Yankees on verge of historic second comeback

Oct 19, 2017 - 6:04 PM NEW YORK -- The New York Yankees, the most accomplished franchise in American sports, are on the verge of an unprecedented baseball feat. The Houston Astros, meanwhile, are trending toward sadly familiar territory.

The Yankees moved to the edge of the World Series with a 5-0 victory over the Astros on Wednesday night in Game 5 of the American League Championship Series at Yankee Stadium. New York leads the series three games to two and will try to win the pennant in Game 6, scheduled for Friday night in Houston.

The 41st trip to the World Series in team history would be different than any other for the Yankees -- or anyone else in baseball history, for that matter.

The Yankees, who dropped the first two games of the ALCS after storming back from an 0-2 deficit to knock off the Cleveland Indians in the best-of-five AL Division Series, are trying to become the second team to reach the World Series by overcoming a pair of two-game deficits and the first to do it after twice trailing two games to none. The 2012 San Francisco Giants trailed 2-0 and 3-1 in the National League Division Series and NL Championship Series, respectively, before winning the World Series.

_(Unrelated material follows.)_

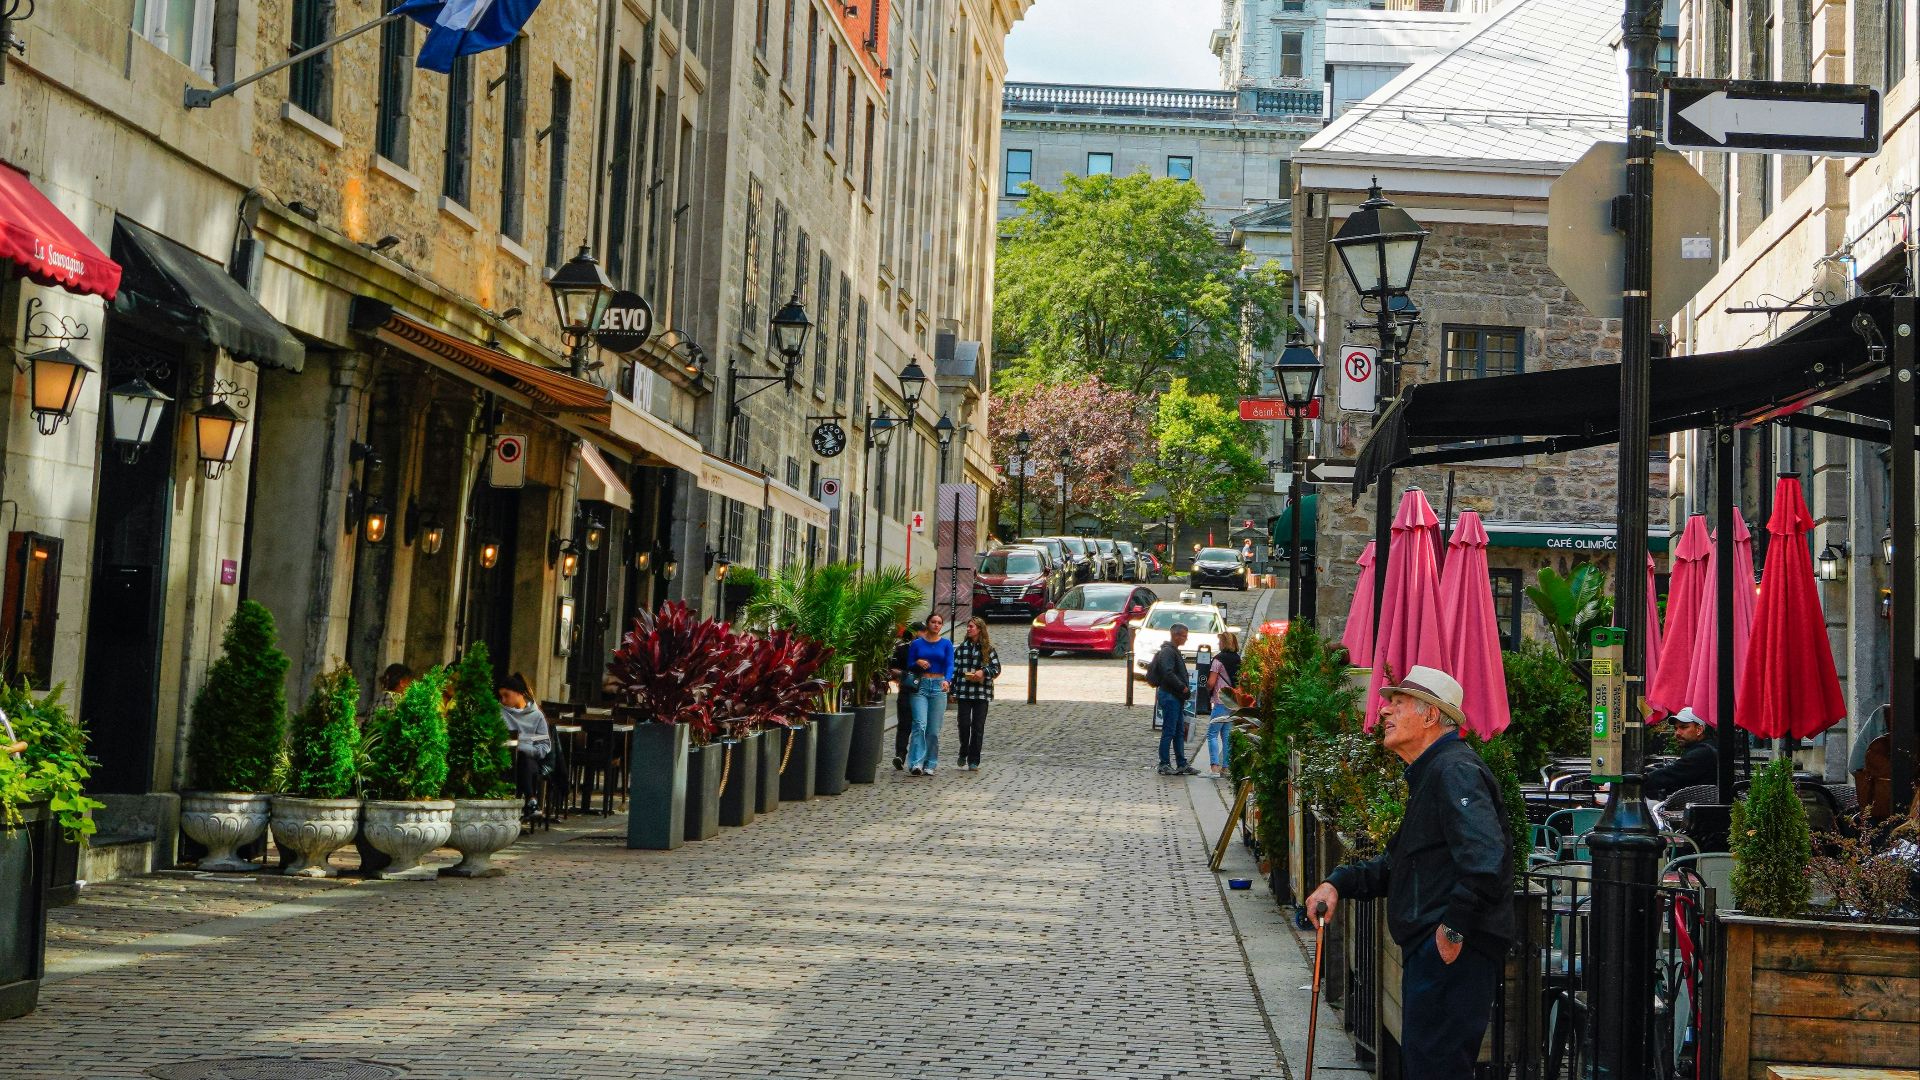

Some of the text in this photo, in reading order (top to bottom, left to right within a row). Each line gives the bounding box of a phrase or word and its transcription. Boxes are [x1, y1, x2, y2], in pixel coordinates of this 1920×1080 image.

One could argue the Yankees, if they win Game 6 or 7, would have mounted three enormous postseason comebacks to advance to the World Series. They trailed the Minnesota Twins 3-0 in the AL wild-card game before earning an 8-4 win. It was the second-biggest deficit overcome in the six-year history of the wild-card games.

"It's just crazy to think how far our backs were against the wall -- even in the wild-card game," Yankees third baseman Todd Frazier said. "To think what we've done, it's been pretty special."

The youngster-infused comebacks -- six members of New York's lineup Wednesday are younger than 30 years old -- have infused the corporation-like Yankees with an underdog mentality they haven't been associated with since 1996. That year, a New York squad that featured the 20-something "Core Four" overcame an 0-2 deficit in the World Series to knock off the Atlanta Braves and win the franchise's first title since 1978.

"Watching our fans brings back a lot of special memories for me as a player," said Yankees manager Joe Girardi, who was the starting catcher on the 1996 team.

The memories that are bubbling to the surface for the Astros and their fans are decidedly less pleasant. If Houston can't win the next two games, the 2017 ALCS will rank with the playoff heartbreaks the franchise endured in the 1980s and again in 2004 and 2015.

In 1980, the Astros blew multi-run, late-inning leads in Games 4 and 5 against the Philadelphia Phillies in the best-of-five NLCS. The next year, after a strike-shortened season, Houston won the first two games of the NLDS against the Dodgers, but the Los Angeles rallied to win the final three games of the best-of-five series.

The 1986 Houston squad frittered away a four-run lead in Game 3 of the NLCS and a three-run lead in Game 6 against the New York Mets.

In 2004, the Astros came back from an 0-2 deficit to win three straight games against the St. Louis Cardinals in the NLCS before falling in extra innings in Game 6 and dropping a 5-2 decision in Game 7. Two years ago, Houston was six outs away from eliminating the top-seeded Kansas City Royals in Game 4 of the ALDS before the Royals scored seven unanswered runs that sparked their run to the franchise's second championship.

In Houston's only World Series appearance, the Chicago White Sox swept the Astros in 2005.

On Tuesday, the Astros were up 4-0 in the seventh and nine outs away from a three games to one series lead with Dallas Keuchel and Justin Verlander ready to start Games 5 and 6.

"I don't think we're carrying the weight of the past," said Astros pitcher Collin McHugh, one of 11 players remaining from the 2015 team. "It'd be great (to win) for the city, it'd be great for this franchise and organization."

McHugh's words sound good, but the burden the Astros are beginning to carry was obvious to designated hitter Carlos Beltran, who felt compelled to speak to the team after seeing too many downcast faces following the Game 5 loss.

"Sometimes you see people acting different than the way they acted in the regular season," Beltran said. "I just don't want people to feel down, and I don't want people to feel sorry about themselves. We all want to go out there and make it happen."

No one more so than the 40-year-old Beltran, who hit a record-tying eight homers for the Astros during the near-miss 2004 postseason.

"You know what, yeah, you get back here, you think about it," Beltran said. "We were able to play Game 7, we lost against the Cardinals. But now we get the opportunity to make it happen here. That's the goal."

If they can't make it happen? Then the Yankees will make history, and the Astros will repeat it.